Investing
From wikiSenior
This Financial Mess . . . Choices for Seniors
Our biggest Halloween 2008 scare is certainly the financial news. For seniors who have retired, or are about to, this type of news is certainly not encouraging. The Federal Reserve has cut interest rates by half a point once again, and the stock market seems to be primed for ‘another record’ rise or fall. The only sure thing happening is uncertainty. Whatever nest egg anyone has is certainly smaller at this point. Any income from that smaller egg is shrinking.
Of course, the financial picture is never just about finances or sub-prime mortgages. In this week’s cover story for Newsweek, The World That Awaits, by Richard N. Haass, Mr. Haass addresses President #44. He writes,
- "There will be days when you will wonder why you worked so hard to get this job. What will make it so difficult is not just all that awaits, but the constraints that will limit what you can actually do. When George W. Bush became president nearly eight years ago the world was largely at peace, the U.S. military was largely at rest, oil was $23 a barrel, the economy was growing at more than 3 percent, $1 was worth 116 yen, the national debt was just under $6 trillion and the federal government was running a sizable budgetary surplus. The September 11 attacks, for all they cost us as a nation, increased the world's willingness to cooperate with us. You, by contrast, will inherit wars in Iraq and Afghanistan, tired and stretched armed forces, a global struggle with terrorism, oil that has ranged as high as $150 a barrel, a weaker dollar (now worth 95 yen), substantial anti-American sentiment, a federal budget deficit that could reach $1 trillion in your first year, a ballooning national debt of some $10 trillion and a global economic slowdown that will increase instability in numerous countries."

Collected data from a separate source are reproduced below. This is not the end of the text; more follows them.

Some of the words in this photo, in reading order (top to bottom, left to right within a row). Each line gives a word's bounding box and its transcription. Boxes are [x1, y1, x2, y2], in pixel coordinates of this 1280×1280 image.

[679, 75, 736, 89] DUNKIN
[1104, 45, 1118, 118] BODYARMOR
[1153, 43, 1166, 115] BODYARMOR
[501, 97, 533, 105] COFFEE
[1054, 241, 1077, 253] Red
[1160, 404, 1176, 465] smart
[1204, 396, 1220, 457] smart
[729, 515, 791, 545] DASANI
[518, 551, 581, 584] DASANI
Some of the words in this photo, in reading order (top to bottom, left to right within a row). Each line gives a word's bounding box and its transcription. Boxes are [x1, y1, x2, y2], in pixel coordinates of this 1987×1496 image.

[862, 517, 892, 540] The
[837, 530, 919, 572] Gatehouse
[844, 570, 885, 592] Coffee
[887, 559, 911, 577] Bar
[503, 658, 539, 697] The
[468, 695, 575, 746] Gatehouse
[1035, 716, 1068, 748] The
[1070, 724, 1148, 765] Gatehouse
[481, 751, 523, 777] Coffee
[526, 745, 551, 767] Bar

What does this mean for seniors? Truthfully, I have no idea. I can only share my suspicions.
- Since the current mess isn’t just financial, I suspect this downward cycle will be both deep and long. Financially, the world is too inter-linked for anything to happen too quickly.

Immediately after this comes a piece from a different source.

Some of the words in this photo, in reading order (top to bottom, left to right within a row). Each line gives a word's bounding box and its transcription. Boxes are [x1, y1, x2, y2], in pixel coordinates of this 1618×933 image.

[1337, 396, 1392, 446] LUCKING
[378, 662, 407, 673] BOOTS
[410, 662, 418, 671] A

- If you are mainly in stocks, I wouldn’t anticipate much performance over the next year. The bottom of the stock market isn’t going to be the result of any daily spike. It will occur as the result of some external event in the middle of a long trough. The improvement out of that trough will be very gradual for a number of weeks. I suspect the current daily spikes are simply nervous, knee-jerk reactions.

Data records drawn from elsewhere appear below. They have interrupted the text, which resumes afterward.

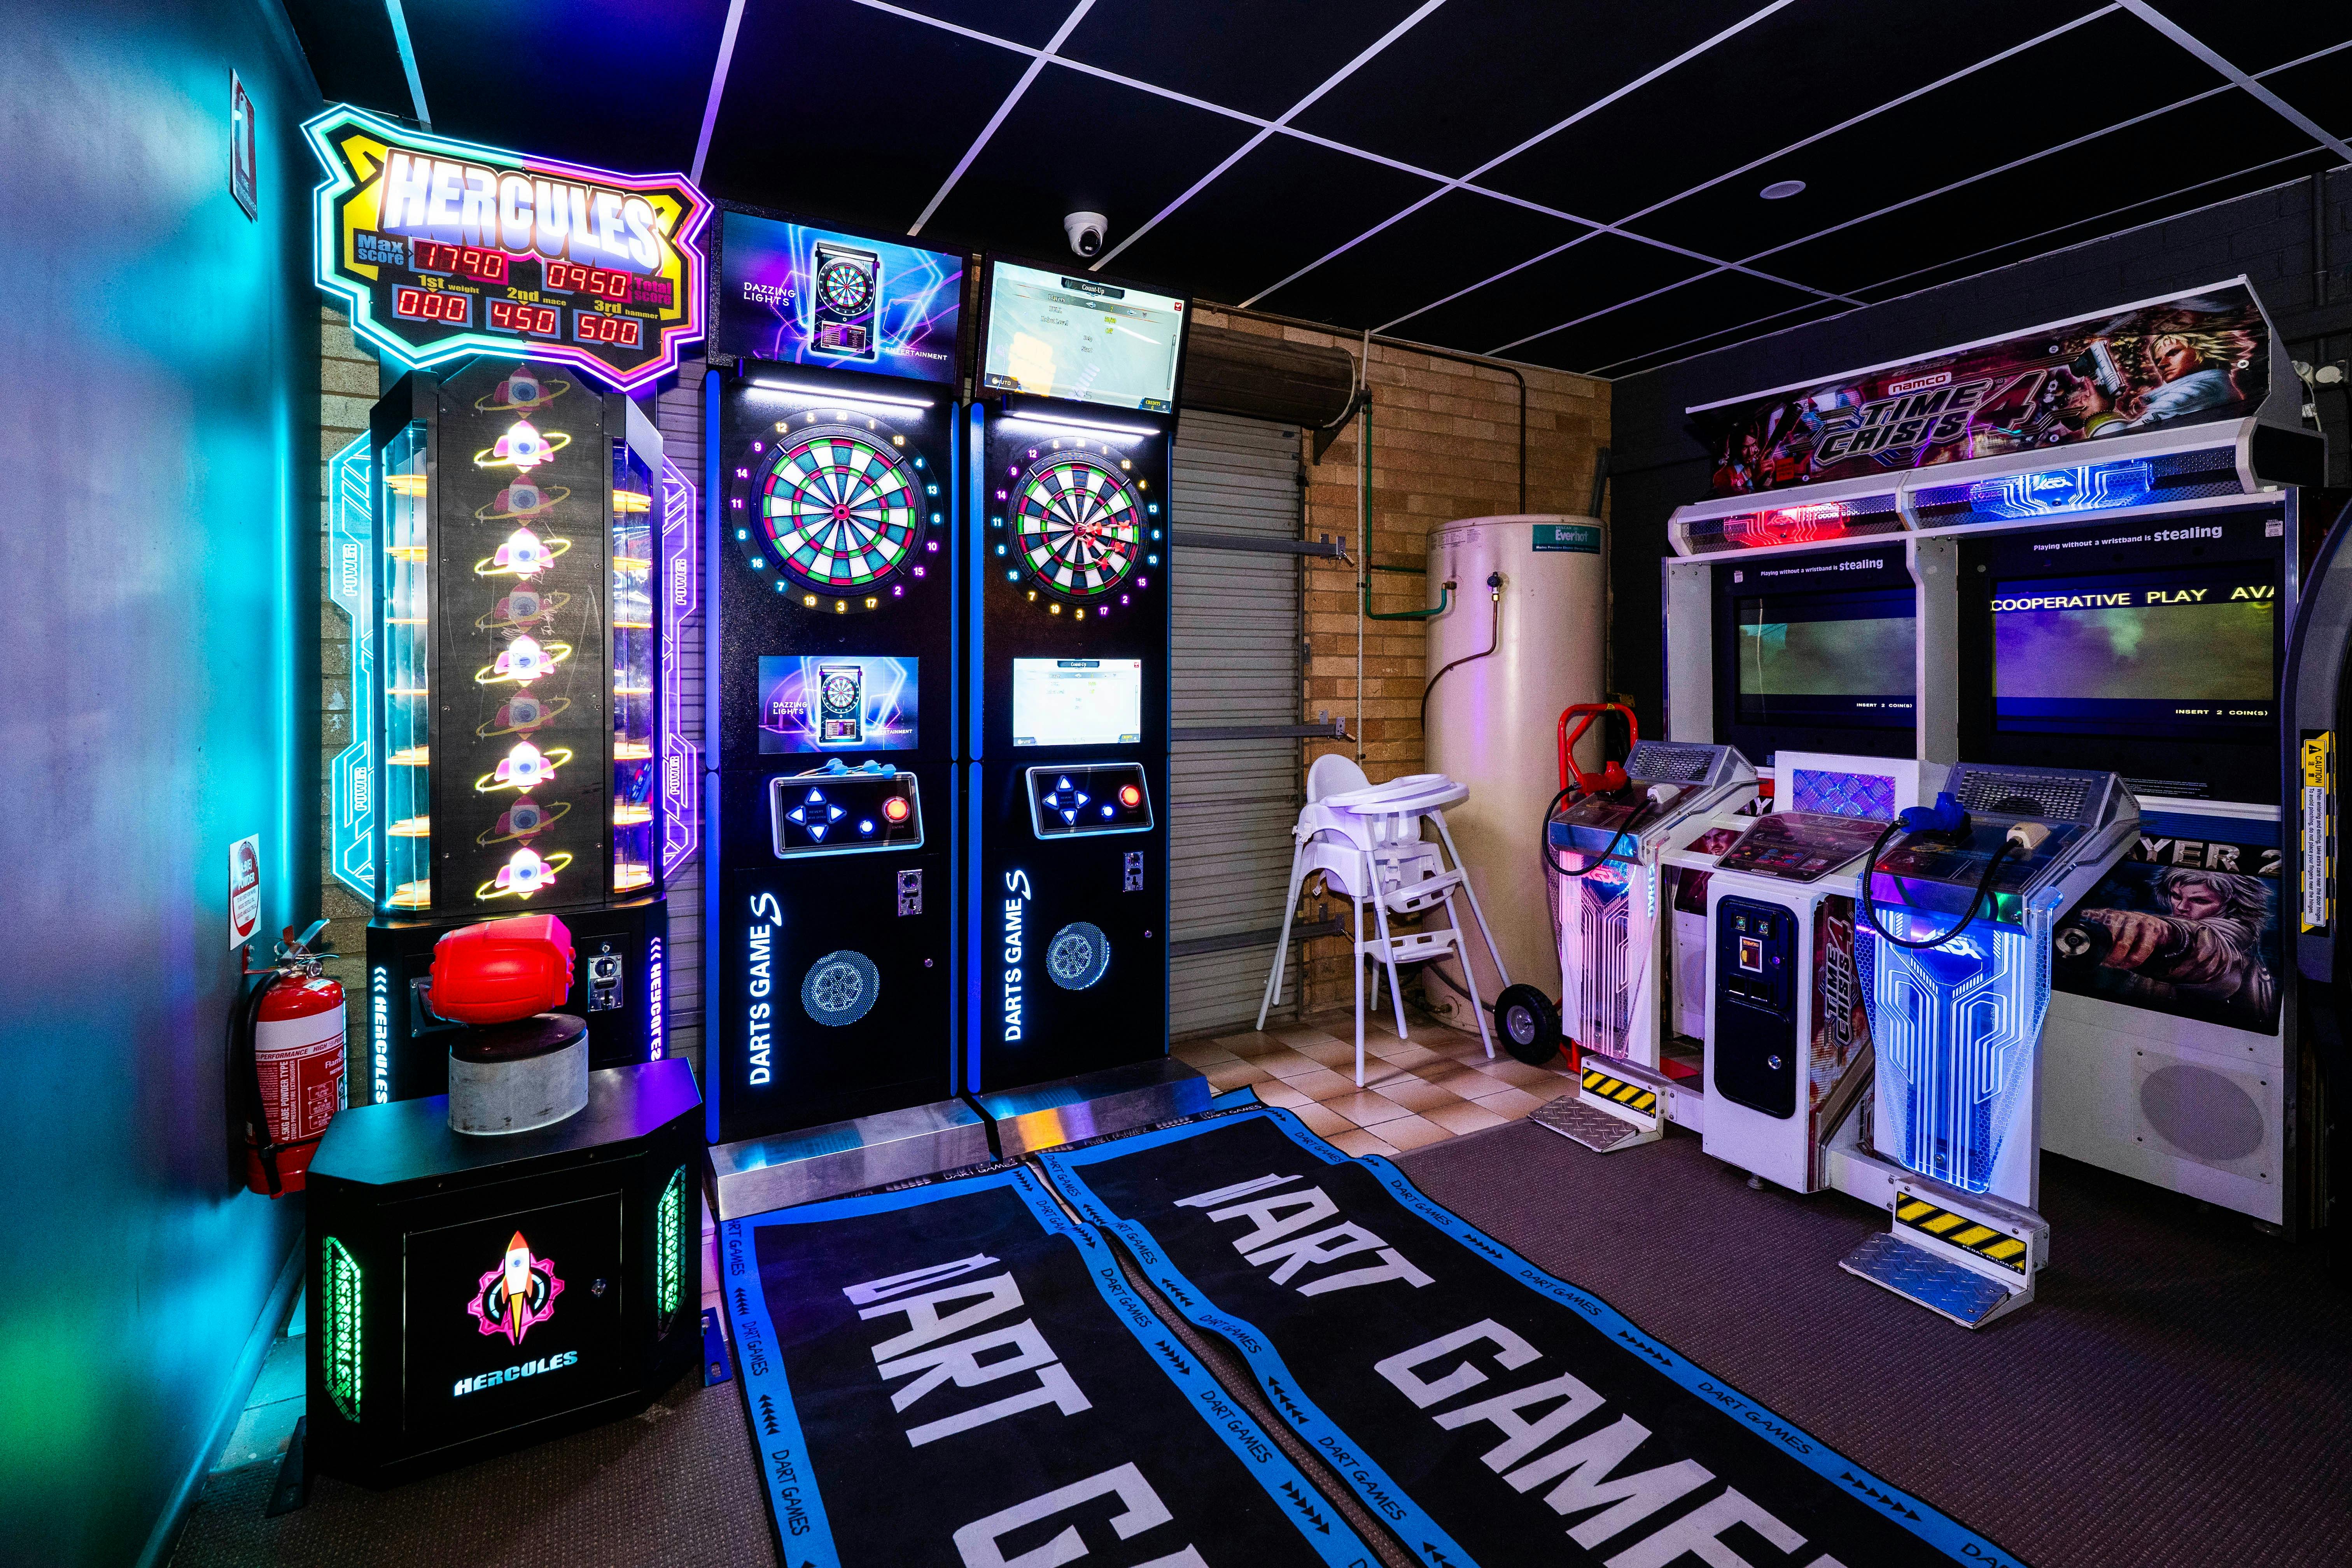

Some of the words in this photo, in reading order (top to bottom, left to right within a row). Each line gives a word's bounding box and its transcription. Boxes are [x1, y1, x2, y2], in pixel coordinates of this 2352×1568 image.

[380, 148, 663, 275] HERCULES
[357, 234, 403, 254] Max
[358, 249, 404, 266] score
[426, 244, 503, 278] 1790
[418, 275, 444, 290] 1st
[448, 284, 479, 295] weight
[548, 264, 626, 297] 0950
[634, 276, 672, 295] Total
[744, 282, 796, 298] DAZZING
[1082, 284, 1105, 294] Count-Up
[399, 290, 466, 322] 000
[507, 287, 539, 303] 2nd
[542, 298, 566, 307] mace
[634, 289, 672, 305] score
[744, 291, 789, 306] LIGHTS
[1048, 294, 1065, 303] Players
[494, 303, 554, 334] 450
[594, 300, 622, 314] 3rd
[625, 310, 658, 320] hammer
[1041, 316, 1055, 324] Robot
[581, 314, 638, 346] 500
[885, 346, 947, 361] ENTERTAINMENT
[1892, 374, 1947, 393] namco
[1861, 379, 1993, 426] TIME
[1972, 369, 2047, 436] 4
[776, 424, 787, 432] 12
[1815, 410, 1975, 466] CRISIS
[754, 443, 761, 451] 9
[737, 469, 747, 478] 14
[916, 459, 922, 467] 4
[1556, 529, 1588, 541] Everhot
[2034, 543, 2060, 551] Playing
[2062, 540, 2092, 548] without
[2101, 535, 2142, 544] wristband
[2154, 525, 2222, 542] stealing
[343, 543, 357, 597] POWER
[1839, 558, 1883, 571] stealing
[675, 558, 688, 605] POWER
[1991, 593, 2130, 611] COOPERATIVE
[2147, 588, 2208, 604] PLAY
[670, 756, 681, 796] POWER
[354, 767, 367, 811] POWER
[2258, 849, 2282, 876] 2
[238, 872, 255, 890] POWDER
[1828, 916, 1853, 955] 4
[1825, 943, 1839, 1019] TIME
[1005, 968, 1022, 1042] DARTS
[1836, 951, 1853, 1045] CRISIS
[260, 1048, 308, 1060] PERFORMANCE
[313, 1043, 327, 1052] HIGH
[374, 996, 388, 1104] HERCULES
[750, 1003, 770, 1085] DARTS
[280, 1061, 289, 1078] TYPE
[280, 1079, 289, 1106] POWDER
[280, 1108, 289, 1120] ABE
[1634, 1107, 1650, 1115] RELOAD
[280, 1122, 290, 1141] 4.5KG
[730, 1220, 742, 1237] ART
[730, 1237, 745, 1276] GAMES
[1962, 1244, 1984, 1257] PEDAL
[1986, 1255, 2015, 1269] RELOAD
[1101, 1268, 1127, 1302] DART
[1119, 1296, 1153, 1328] GAMES
[453, 1350, 578, 1397] HERCULES
[1200, 1390, 1236, 1421] DART
[1227, 1416, 1273, 1464] GAMES
[1697, 1381, 1747, 1411] DART
[1745, 1411, 1814, 1455] GAMES
[772, 1449, 796, 1486] DART
[1318, 1436, 1360, 1471] DART
[1352, 1468, 1407, 1521] GAMES
[781, 1484, 811, 1536] GAMES

- If you are mainly in cash, feel blessed that you have maintained the principal. However, the revenue you can generate from that cash will get less before it gets better. One-year CD’s may be a smart choice at the moment, because rates may not improve that much over the next 12 months.
- If you are on social security, the cost of living formula that penalized seniors last year made up for it this year. At 5.8%, that adjustment together with the lower energy costs that are starting to ripple through the economy, will help dealing with this coming year.
- With the outlook for cash so dim, I also intend to take another look at restarting the social security clock. Check out the wikiSenior article on Social Security. Such a move might be rash, but it is certainly worth doing the math.